1. Dialectic involves resolving analytic contradictions. Thesis X - and antithesis (not X) form a classic analytic contradiction that resolve themselves through the process of the dialectic to a larger perspective of the world. This activity is strictly within the Kantian Idealist framework - the movement involved is the processes of the empty cogito - and hence firmly Cartesian.
Paradox is NOT an analytic contradiction but empirical facts or events that the cogito trips over and must take account of. As such it is NOT purely analytic or Kantian Idealist. This is my understanding as to why Milbank considers Zizek's Hegelianism to be "too conservative and Cartesian".
2. The Zizekian "abyss" is the end point of the "Via Negativa" process of Theology, which predates modernism, late-stage-modernism or post-modernism (whatever you want to call it) by centuries but yet is the basic, though unrecognized, program of modernism. The Milbankian conception, for me is closely related to the "Via Positiva".

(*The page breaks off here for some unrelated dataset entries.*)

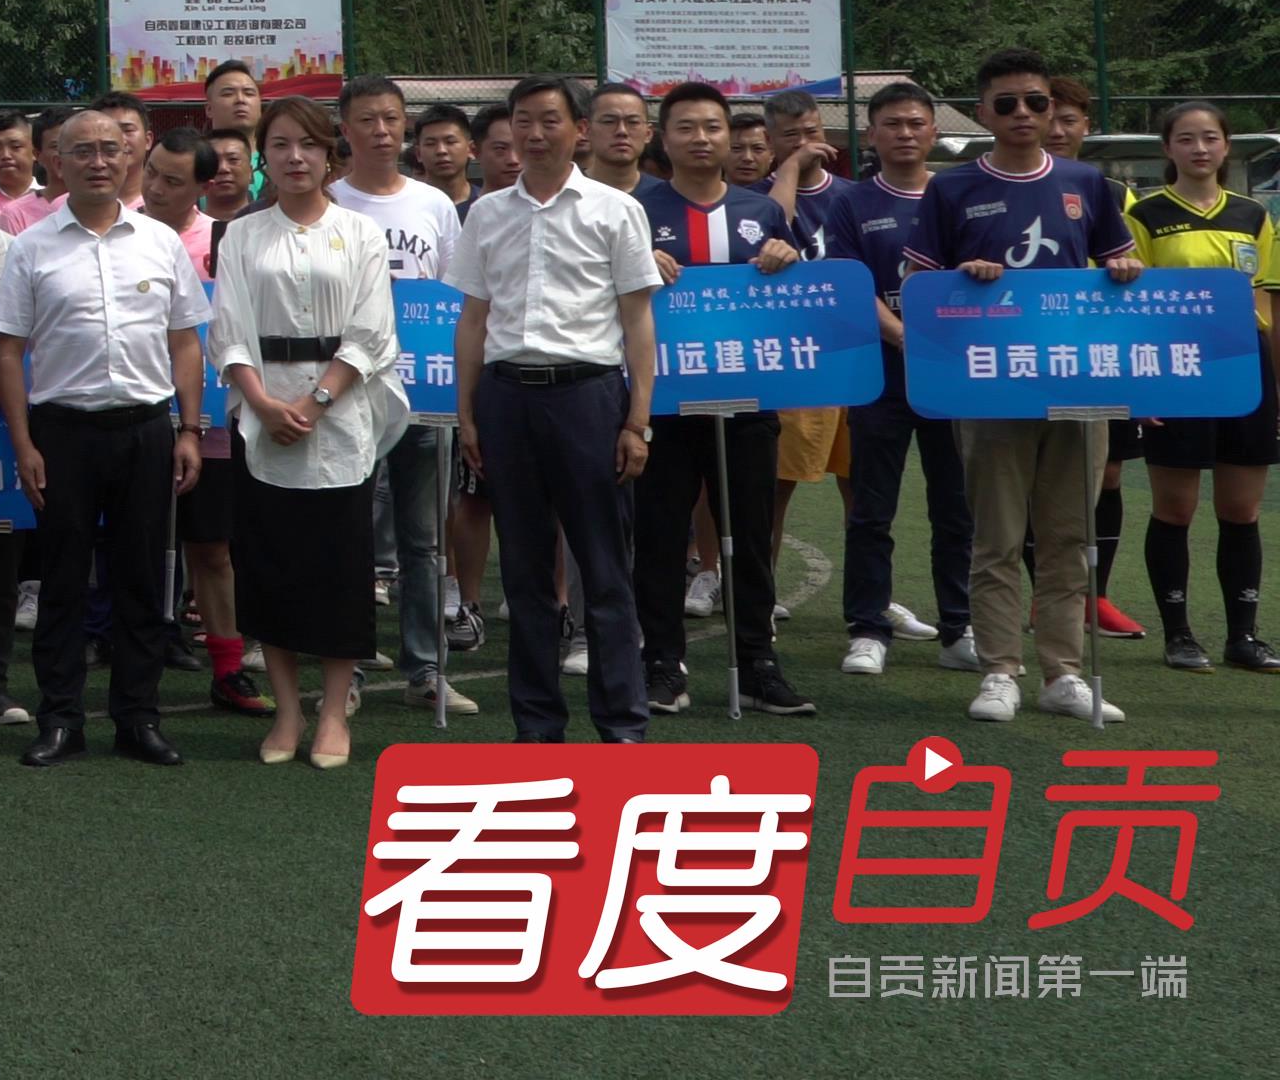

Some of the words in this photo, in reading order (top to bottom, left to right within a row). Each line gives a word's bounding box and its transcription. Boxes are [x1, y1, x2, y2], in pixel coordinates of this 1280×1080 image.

[144, 18, 307, 32] 自贡鑫磊建设工程咨询有限公司
[175, 35, 218, 46] 工程造价
[223, 34, 277, 45] 招投标代理
[668, 291, 696, 308] 2022
[1040, 293, 1070, 310] 2022
[402, 302, 430, 320] 2022
[965, 343, 1202, 379] 自贡市媒体联

In the Via Negativa, the main activity to show what god is NOT; to separate the sacred from the profane, to prove how things and customs and traditions and people are NOT divine or sacred but in fact their opposite. It casts god out of the world, out of our souls and ultimately the universe itself. God becomes distinct from all things, beings and attributes and becomes "just a word". So the correct attitude of one engaged in Via Negativa when confronted with a painting or music or any art is the iconoclastic one - to deny the religious aspect of such things and in fact to place them in opposition to the sacred or the transcendent. Thus all things become "merely human" and trapped in the concreteness of the pragmatic, finite world - and as such - simply objects of economics for exchange.
This impenetrable wall between the secular and the sacred set up and sustained by the Via Negativa marks the world of both the atheist and the fundamentalist. For the atheist, the only thing in the sacred domain is the empty-set - a void - an inexpressible which pragmatically, therefore, does not exist. Similarly for the fundamentalist - since the sacred is inaccessible, the only way the sacred exists is in a concretized and static human artifact form - as words on paper. All three monotheisms have their "sola scriptura" - which rather than identifying god beyond words - in fact codifies and constructs god within the human Lacanian Symbolic realm. That's why atheists and fundamentalists are sometimes both referred to as "a-gnostics".

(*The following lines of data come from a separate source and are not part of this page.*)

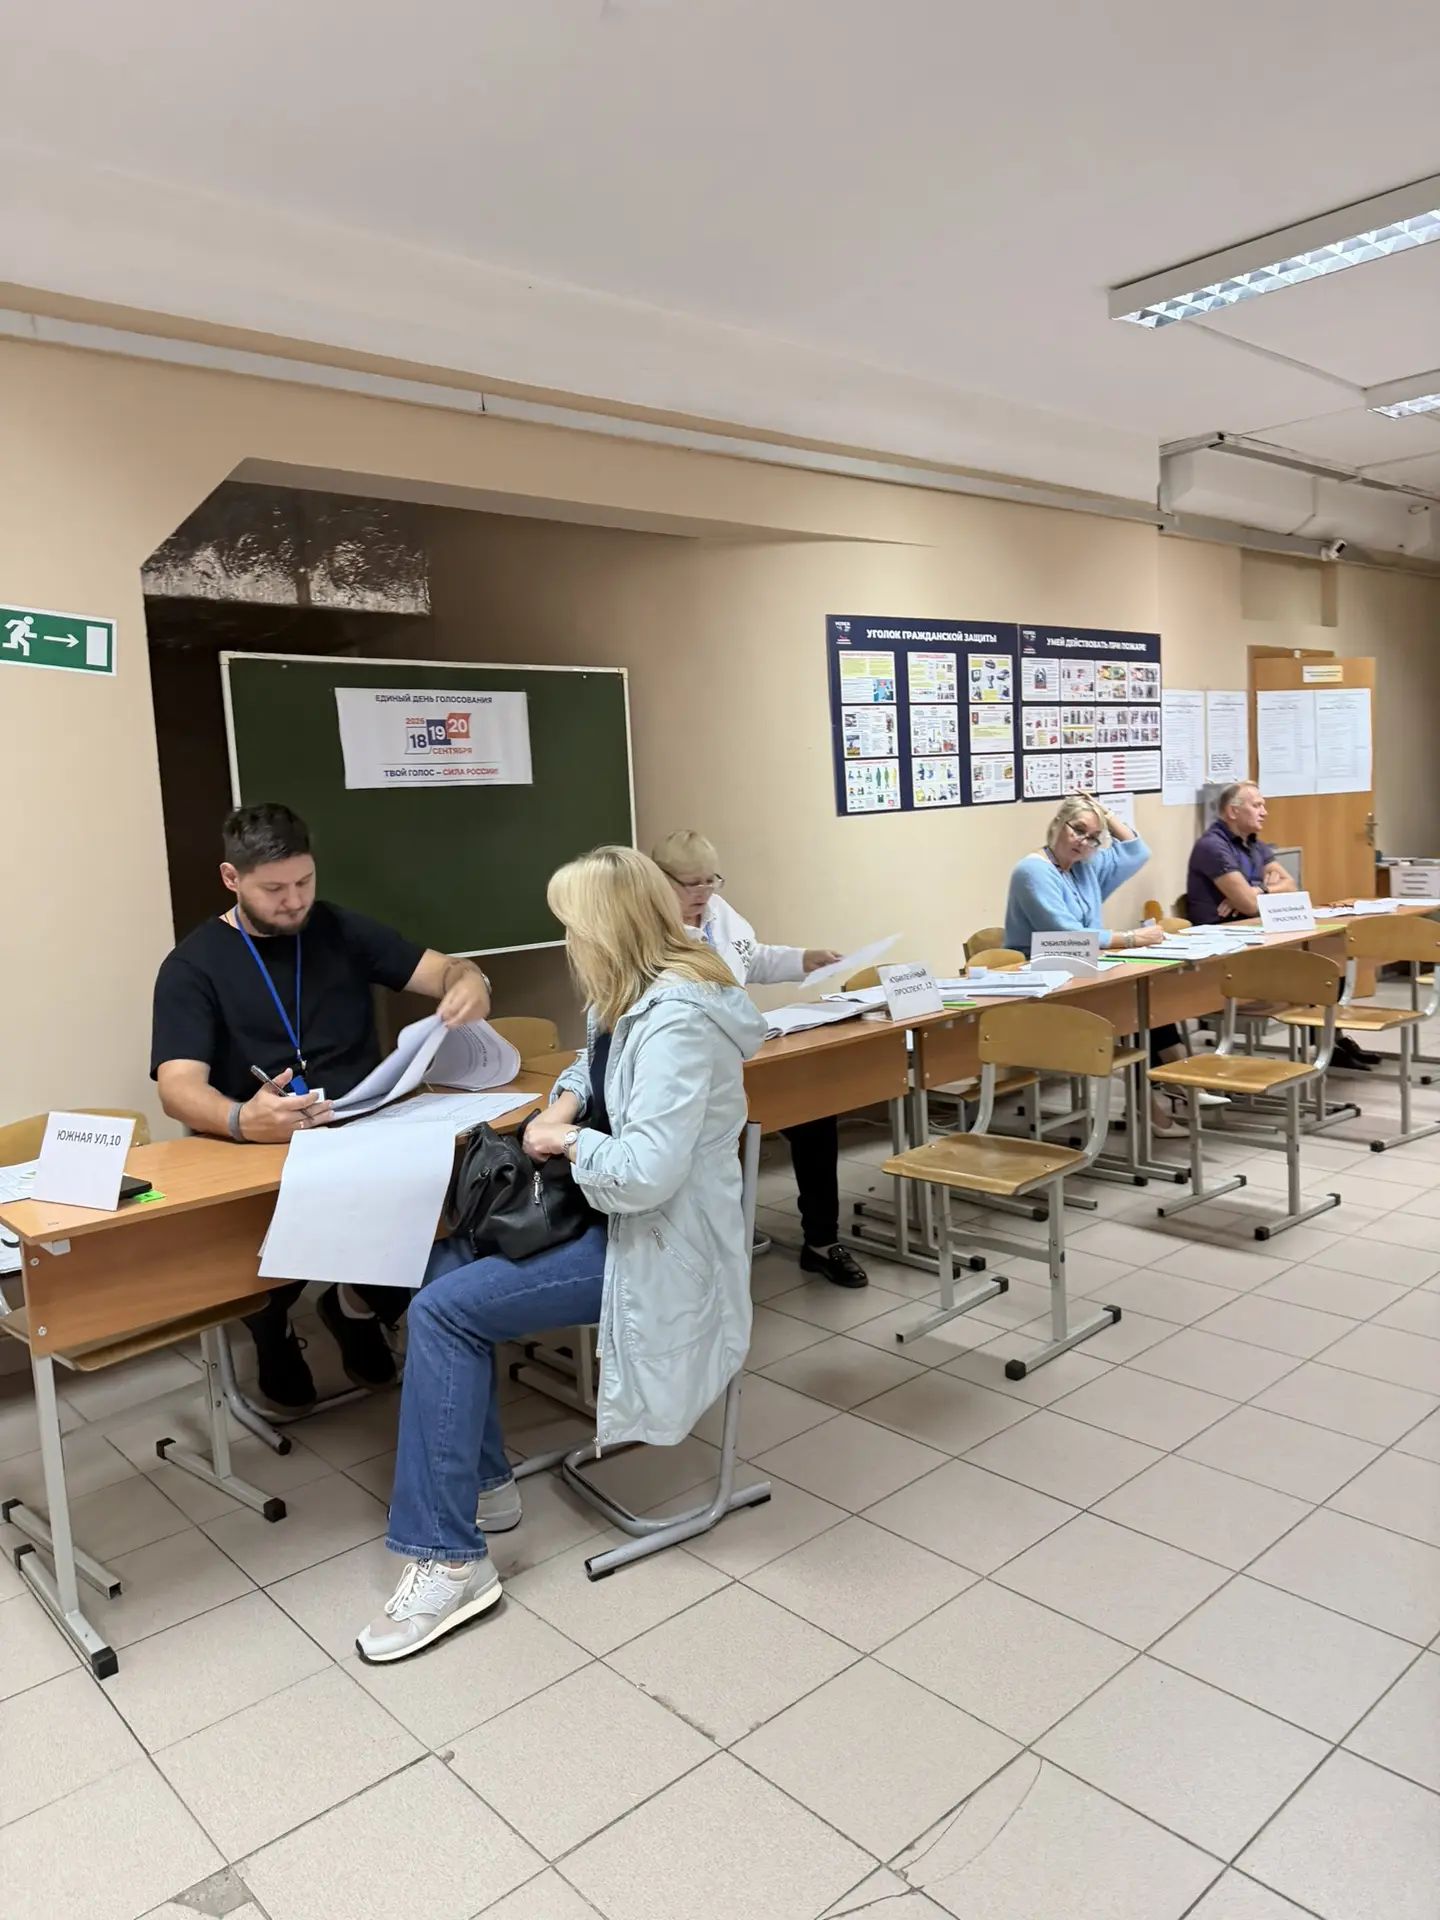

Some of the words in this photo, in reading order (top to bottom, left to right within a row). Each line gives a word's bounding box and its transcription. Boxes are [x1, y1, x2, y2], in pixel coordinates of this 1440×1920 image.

[866, 628, 902, 640] УГОЛОК
[902, 630, 963, 642] ГРАЖДАНСКОЙ
[964, 632, 998, 644] ЗАЩИТЫ
[1046, 636, 1065, 646] УМЕЙ
[375, 693, 411, 703] ЕДИНЫЙ
[412, 695, 435, 703] ДЕНЬ
[435, 695, 493, 704] ГОЛОСОВАНИЯ
[409, 733, 427, 749] 18
[428, 725, 446, 741] 19
[447, 718, 468, 733] 20
[432, 747, 473, 755] СЕНТЯБРЯ
[384, 767, 407, 777] ТВОЙ
[408, 768, 435, 777] ГОЛОС
[443, 768, 465, 776] СИЛА
[1040, 938, 1091, 947] ЮБИЛЕЙНЫЙ
[889, 968, 927, 984] ЮБИЛЕЙНЫЙ
[894, 983, 926, 997] ПРОСПЕКТ,
[925, 981, 933, 990] 12
[56, 1129, 93, 1143] ЮЖНАЯ
[94, 1132, 122, 1147] УЛ,10
[420, 1583, 457, 1610] N

In Via Positiva, there is no separation between the secular and sacred. Here the correct attitude of being human is not commerce but worship. In recognition of our finitude, all things are viewed not as obstacles but as pointers or invitations to the transcendent. Art becomes sacramental rather than an ironic stance. The world and everything in it contains a unseen hook and an invisible line which is long enough to let us wander to the ends of the world, and still to bring us back to the transcendent with a twitch upon the thread.
3. For me, its also a simple matter of aesthetics. Zizek advocates that since god is not, but an abyss, an unfathomable void - that only the person qua abyss is truly in the image and likeness of god.
Now I'm not opposed to "the abyss" or The Real, or whatnot. In fact I'll pay good money on tickets to see a really good abyss. I'm even dutifully grateful for the freedom that the pure contingency of the abyss gives us.
Its just that Zizek's "the Abyss" can only be viewed as the final point of collapse of an exhausted late-stage modernism, having reached its final dialectical and deconstructive omega point. It can go no further - RIP.
Conversely, I delight in the green shoots and renewed life of the return of philosophy to theology, Augustinian in particular - to a univocal understanding of the lived-in world. In their rejection of the "supernatural", late-stage modernism has denied us the world as it is and only left us with the "subnatural" - a few mathematical equations here and there - and the abyss.